14/3/1913-1929. Répétiteur adjoint de Mécanique à l'École Polytechnique, répétiteur titulaire à partir de 1921.

16/1/1922. Inspecteur général des Mines de 2ème classe, mais la nomination est avancée rétroactivement au 16/1/1919 pour tenir compte de la guerre.

1/1/1929. Inspecteur général des Mines de 1ère classe.

16/9/1929-30/11/1936. Directeur de l'École des Mines de Paris.
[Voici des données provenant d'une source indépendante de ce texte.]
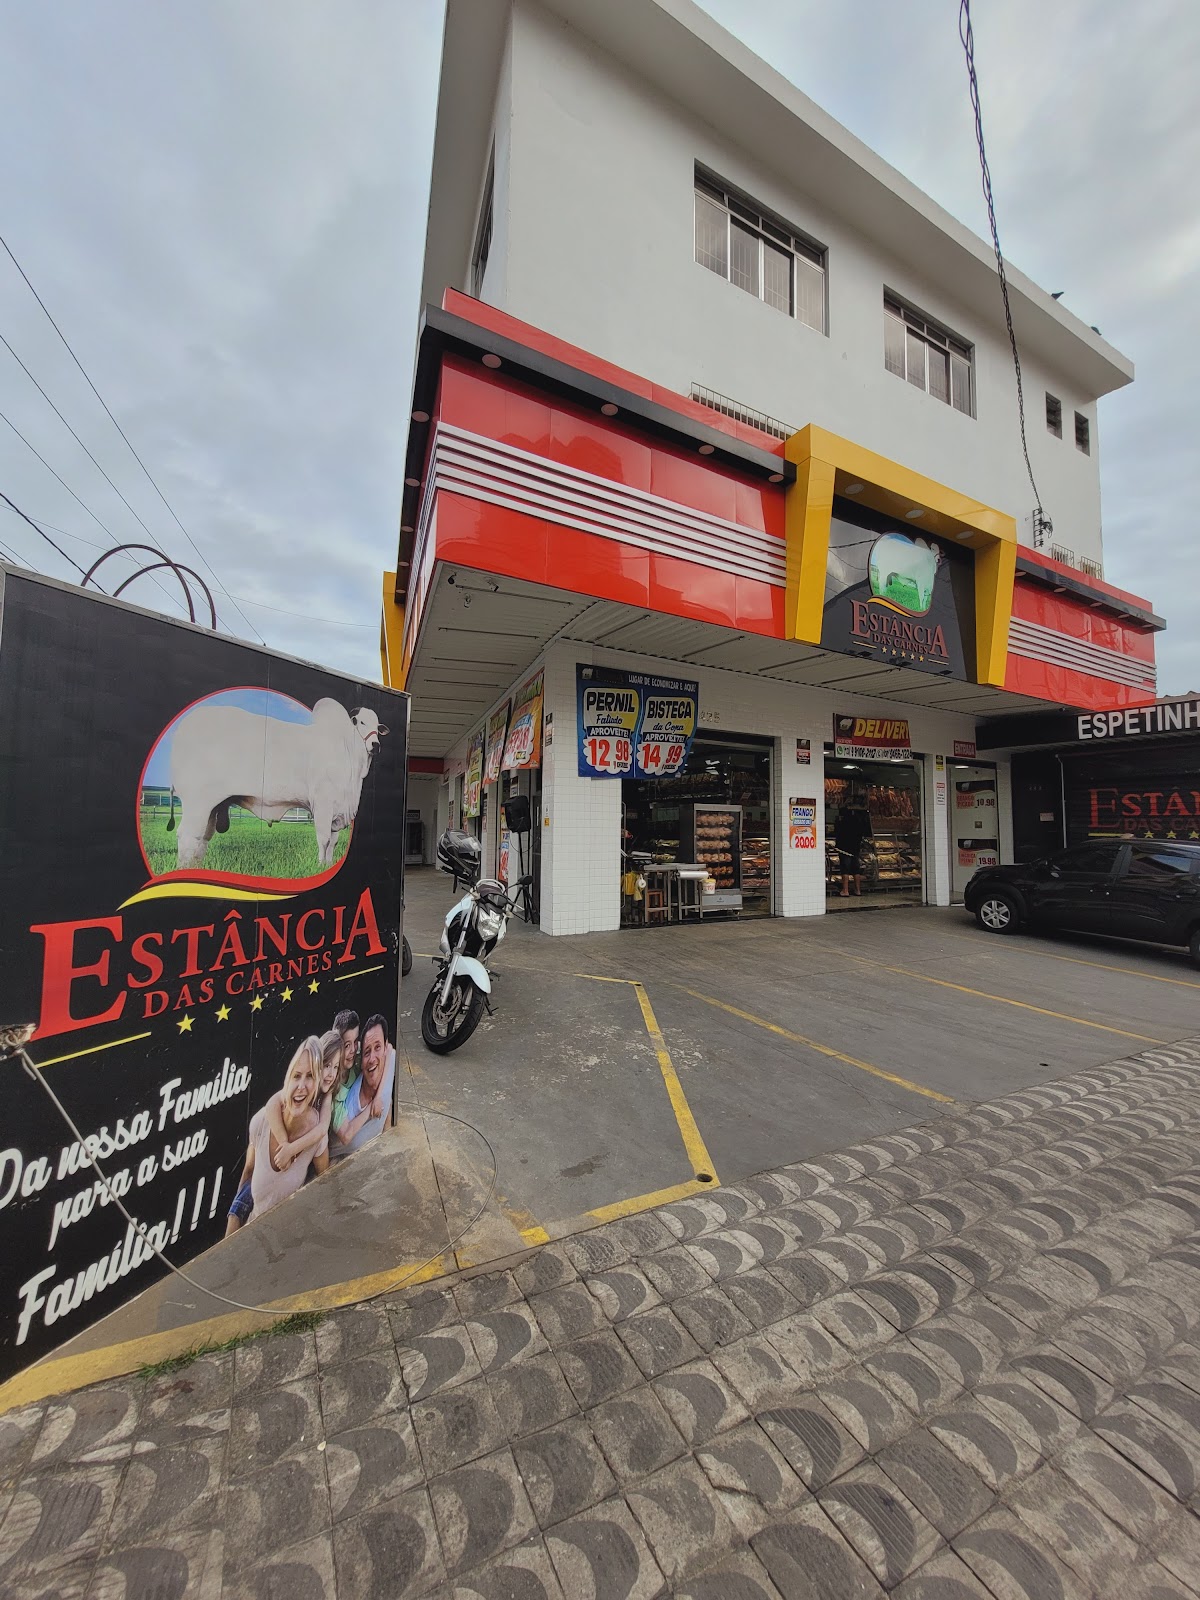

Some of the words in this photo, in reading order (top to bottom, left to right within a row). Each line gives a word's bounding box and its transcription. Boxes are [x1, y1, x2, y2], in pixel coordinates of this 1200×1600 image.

[849, 599, 949, 658] ESTÂNCIA
[873, 633, 892, 646] DAS
[894, 638, 929, 654] CARNES
[628, 674, 643, 685] LUGAR
[644, 677, 651, 686] DE
[651, 678, 679, 690] ECONOMIZAR
[586, 691, 635, 712] PERNIL
[647, 700, 692, 719] BISTECA
[596, 714, 623, 725] Fatiado
[653, 722, 663, 731] da
[664, 722, 684, 734] Copa
[1077, 701, 1200, 739] ESPETINH
[590, 727, 628, 738] APROVEITE!
[645, 733, 685, 743] APROVEITE!
[792, 807, 814, 817] FRANGO
[1123, 818, 1163, 831] DAS
[29, 887, 388, 1041] ESTÂNCIA
[143, 978, 214, 1019] DAS
[226, 950, 333, 995] CARNES
[0, 1148, 52, 1209] Da
[56, 1110, 154, 1186] nossa
[158, 1057, 253, 1132] Família
[47, 1167, 132, 1251] para
[137, 1155, 158, 1188] a
[161, 1129, 208, 1171] sua
Il quitte l'Ecole fin 1936 pour partir en retraite.

De 1926 à 1929. Vice-Président de la Société française des Électriciens.
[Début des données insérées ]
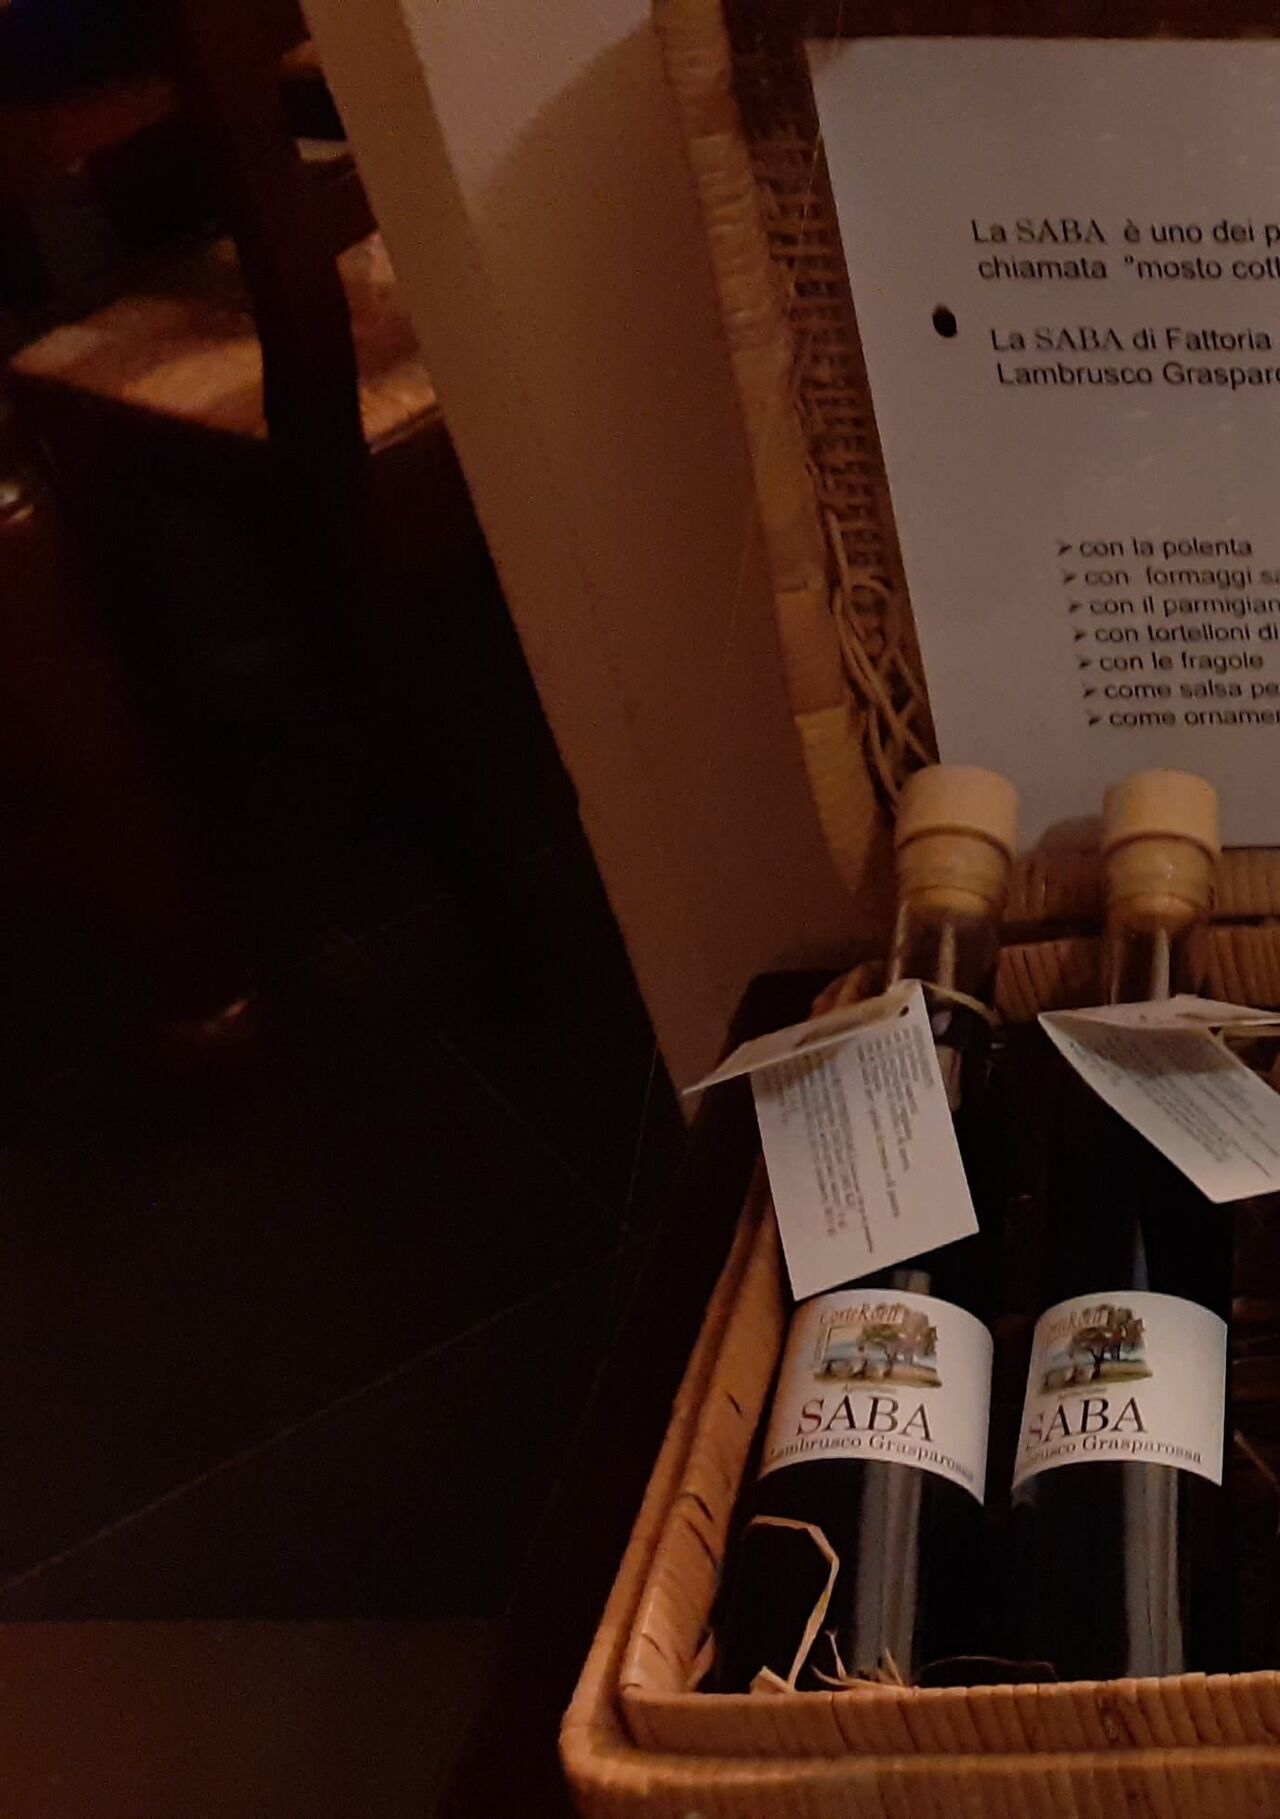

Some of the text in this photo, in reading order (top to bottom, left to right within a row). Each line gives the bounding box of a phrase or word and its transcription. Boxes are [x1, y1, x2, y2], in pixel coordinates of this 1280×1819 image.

[971, 219, 1007, 244] La
[1016, 218, 1108, 244] SABA
[1124, 218, 1141, 245] è
[1150, 224, 1202, 245] uno
[1211, 219, 1255, 245] dei
[978, 256, 1108, 280] chiamata
[1124, 255, 1223, 281] "mosto
[990, 328, 1026, 352] La
[1035, 327, 1124, 352] SABA
[1132, 328, 1157, 352] di
[1165, 327, 1272, 352] Fattoria
[997, 362, 1153, 386] Lambrusco
[1079, 536, 1253, 560] con la polenta
[1085, 570, 1131, 586] con
[1146, 565, 1252, 590] formaggi
[1090, 599, 1134, 615] con
[1143, 596, 1155, 614] il
[1095, 628, 1139, 643] con
[1147, 623, 1250, 643] tortelloni
[1258, 623, 1278, 642] di
[1100, 651, 1264, 674] con le fragole
[1104, 684, 1171, 699] come
[1180, 679, 1242, 698] salsa
[1109, 712, 1176, 729] come
[796, 1394, 934, 1443] SABA
[1082, 1433, 1203, 1465] Grasparossa
1933. Président de la Société mathématique de France.

Guerre 1914-1918 :

1er août 1914 au 1er mai 1916. Lieutenant-Colonel d'Artillerie au Parc d'Artillerie de place à Verdun. Il sera rayé des cadres de réserve en 1923.

Mai 1916 à juillet 1917. Sous-Inspecteur administratif des Forges de Lyon.

Juillet 1917. Mis hors cadres à la disposition de la Direction des Mines au Ministère de l'Armement.

Distinctions :

1911. Prix Vaillant à l'Académie des Sciences.

1929. Prix Poncelet.

18/10/1933. Commandeur de la Légion d'honneur.


Liénard, élève de l'Ecole des Mines de Paris
(C) Photo collections ENSMP

NOTICE SUR LES TRAVAUX SCIENTIFIQUES DE M. A. LIÉNARD,

rédigée par Alfred-Marie Liénard (1934) et accompagnée d'un résumé des principaux papiers scientifiques qu'il a publiés.

Le lecteur trouvera ci-après l'analyse des divers écrits scientifiques que j'ai publiés.

Mes recherches se rapportent à la théorie de l'électricité et au magnétisme ainsi qu'à la mécanique (élasticité et résistance des matériaux; hydrodynamique). Les quelques travaux qui se rattachent aux mathématiques pures ont été entrepris en vue de questions de mécanique (signe de la partie réelle des racines d'une équation algébrique; étude de l'équation des oscillations auto-entretenues).

M'étant occupé d'électricité et d'élasticité, j'ai en particulier étudié ce que deviennent les lois classiques de l'élasticité dans le cas des substances aimantées ou polarisées et je suis ainsi arrivé à résoudre entièrement les problèmes de l'électrostriction et de la magnétostriction, grâce à l'emploi dans ces problèmes des méthodes thermodynamiques de P. Duhem. Je tiens à dire à cette occasion tout ce que je dois à Duhem, même lorsque je ne suis pas entièrement de son avis et j'en dirai autant du grand Maxwell qui a été mon maître en Électricité et Magnétisme.

Si je n'ai rien publié sur la Thermodynamique en dehors de l'application que je viens de signaler à l'électrostriction et à la magnétostriction, je me suis souvent occupé de cette science que j'ai en particulier enseignée par suppléance en 1917 à l'École des Mines.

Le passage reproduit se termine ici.